Avete capito? Nel breve spazio di tempo intercorso tra la pubblicazione del catalogo d’asta e la vendita, l’antiquario avrebbe dovuto miracolosamente appurare una provenienza che negli anni successivi le approfondite ricerche di studiosi come Vittorio Natale, Paolo Venturoli e, inizialmente, Claudio Salsi, non sarebbero riuscite a individuare, così come nessun organo di tutela aveva mai avanzato sospetti dalla comparsa in asta fino al momento della segnalazione, di Claudio Salsi: dieci anni dopo! Non basta.
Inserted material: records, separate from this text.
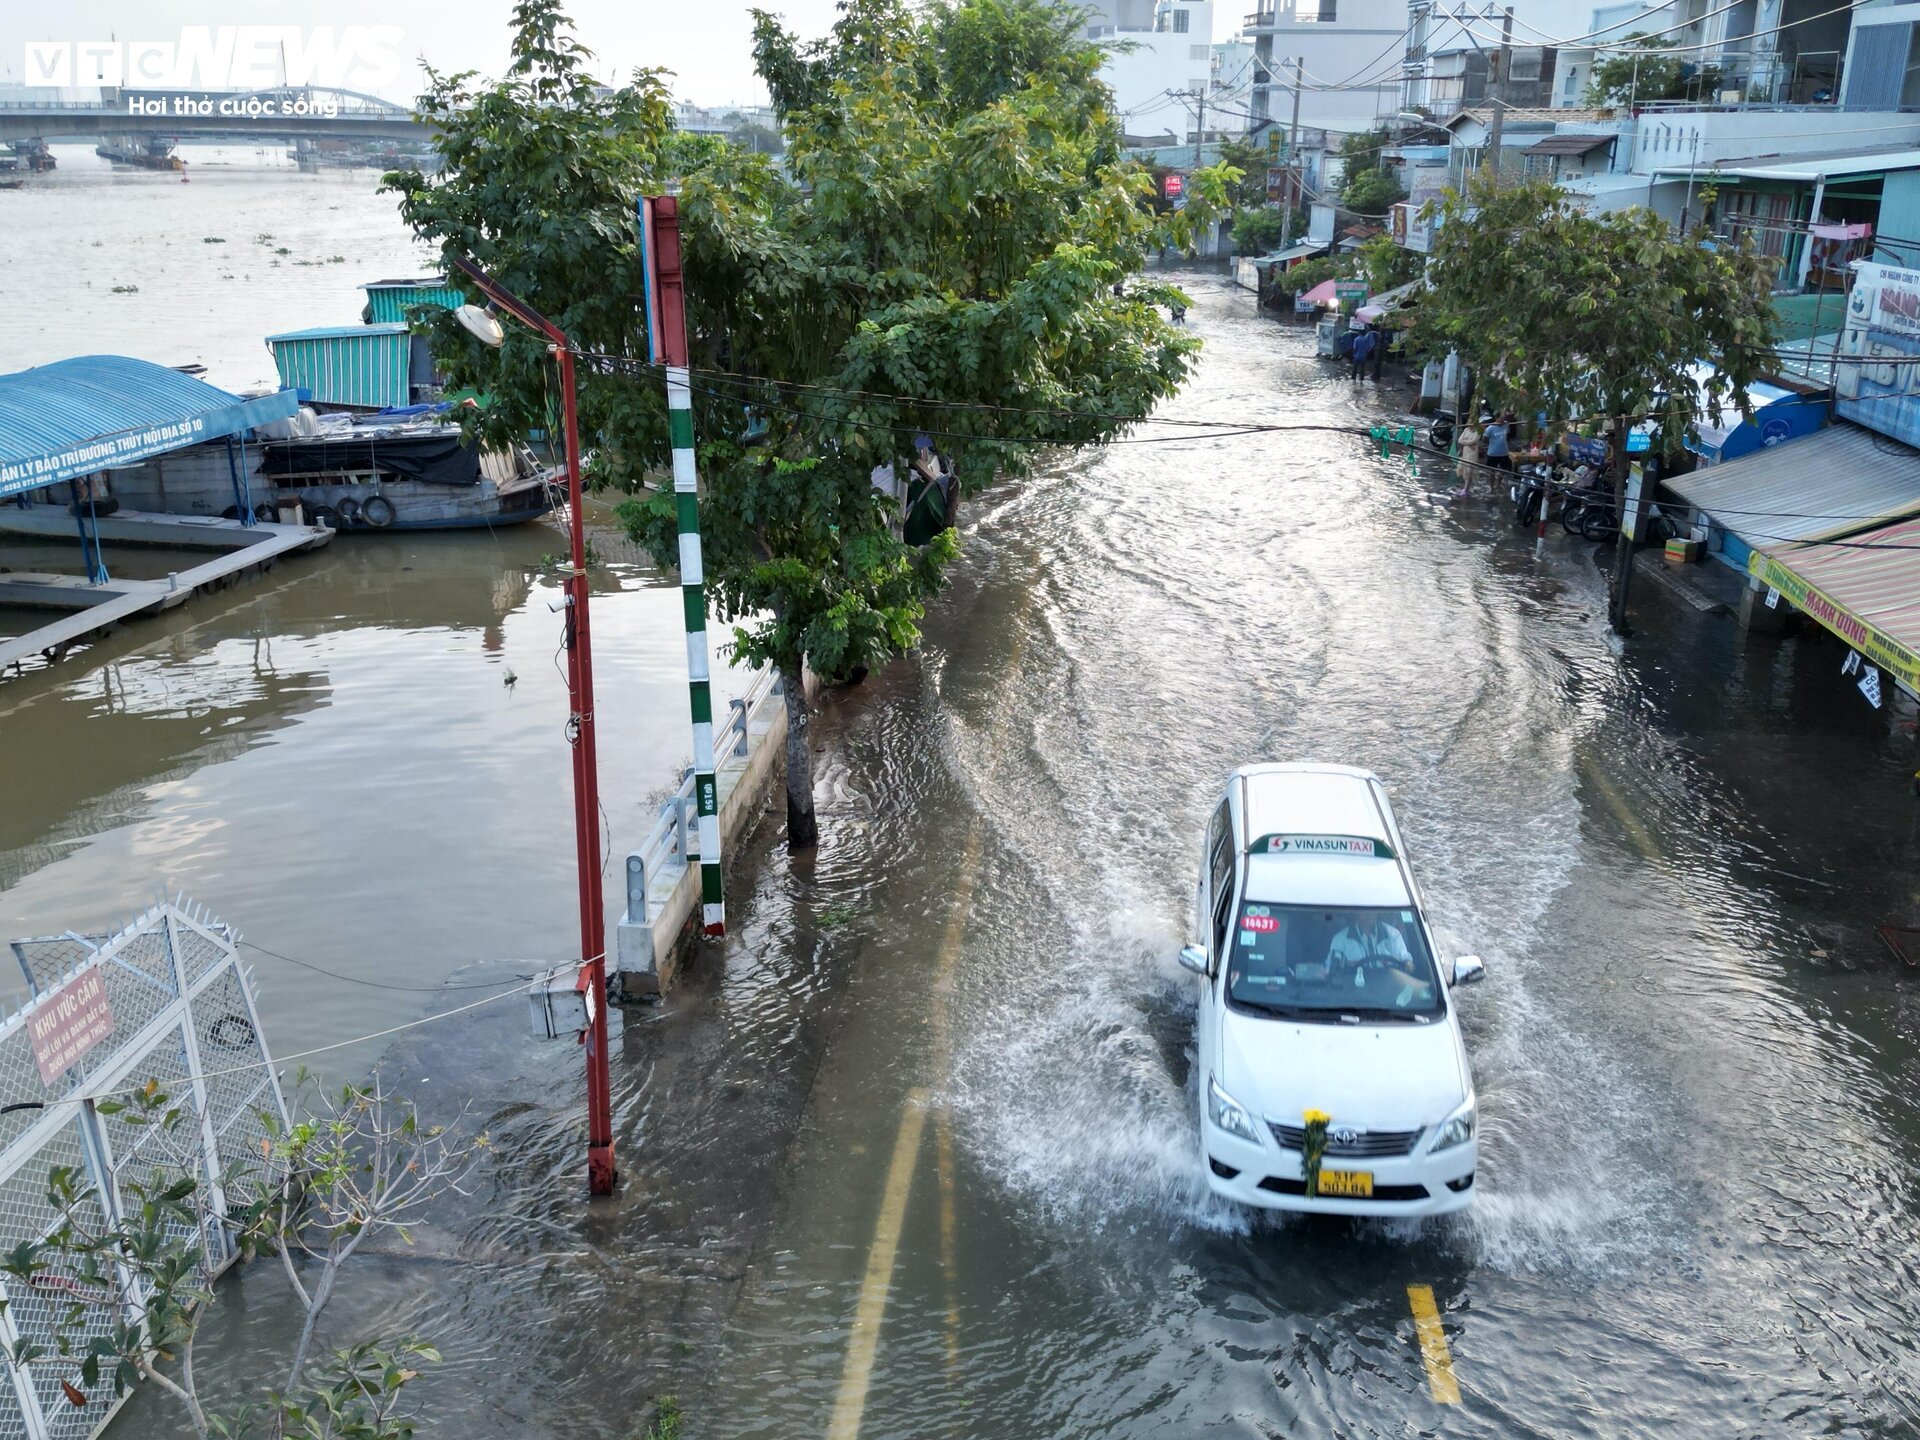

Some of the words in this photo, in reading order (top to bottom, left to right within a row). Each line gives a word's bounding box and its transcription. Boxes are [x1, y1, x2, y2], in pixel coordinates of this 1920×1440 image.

[19, 458, 33, 478] LÝ
[34, 453, 59, 474] BẢO
[59, 447, 78, 467] TRÌ
[78, 440, 116, 464] ĐƯỜNG
[117, 433, 142, 451] THỦY
[143, 424, 162, 447] NỘI
[161, 424, 179, 445] ĐỊA
[179, 416, 193, 435] SỐ
[193, 418, 202, 431] 10
[1245, 917, 1275, 931] 14431
[35, 1010, 56, 1041] KHU
[57, 994, 77, 1021] VỰC
[78, 976, 99, 1006] CẤM
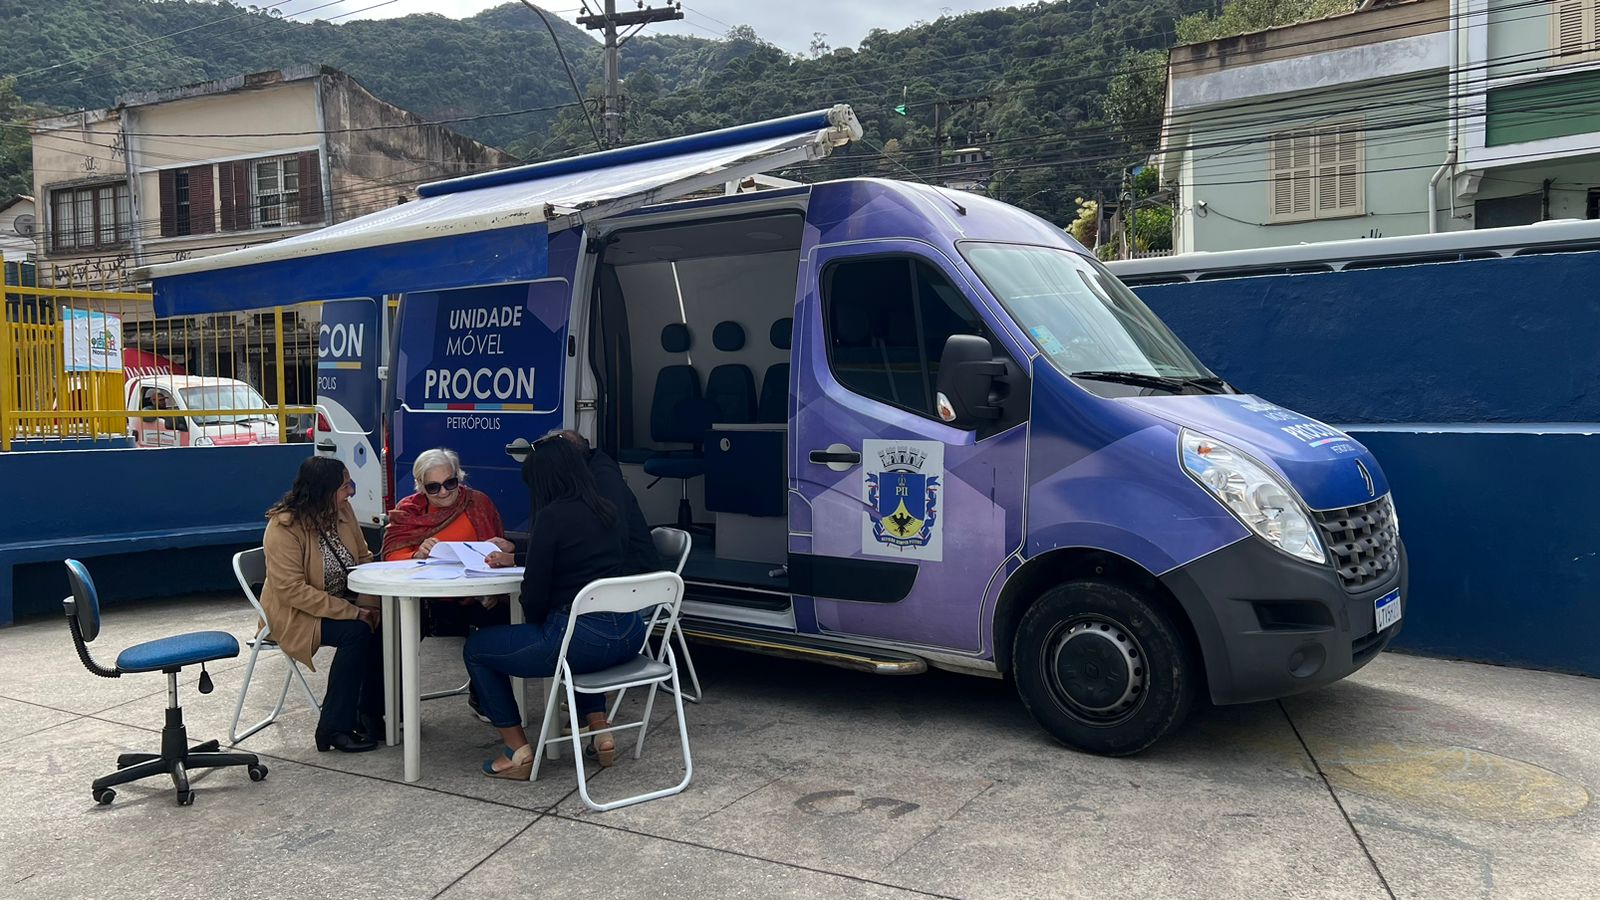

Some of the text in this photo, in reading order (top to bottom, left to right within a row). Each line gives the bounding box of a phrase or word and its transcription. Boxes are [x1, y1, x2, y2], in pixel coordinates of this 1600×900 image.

[449, 306, 523, 330] UNIDADE
[318, 323, 364, 358] CON
[446, 330, 504, 356] MÓVEL
[424, 367, 536, 400] PROCON
[446, 414, 501, 430] PETRÓPOLIS
Per quanto riguarda l’usucapione ventennale la sentenza non giudica sufficienti i documenti prodotti, che dimostrano il possesso delle sculture da parte della famiglia Monzino presso l’abbazia veneziana di San Gregorio almeno dal 1985 e implicitamente sostiene che il possessore di un’opera di provenienza religiosa dovrebbe conservare tutti i documenti legali dei precedenti passaggi di proprietà e di possesso dell’opera d’arte se non vuole correre il rischio dopo decenni di un sequestro e di una denuncia. Dulcis in fundo. L’ultima riga della sentenza condanna il povero Pozzallo e signora anche al rimborso delle spese di lite «liquidate in € 19.950, oltre accessori dovuti»... Firmato: il Giudice Caterina Canu.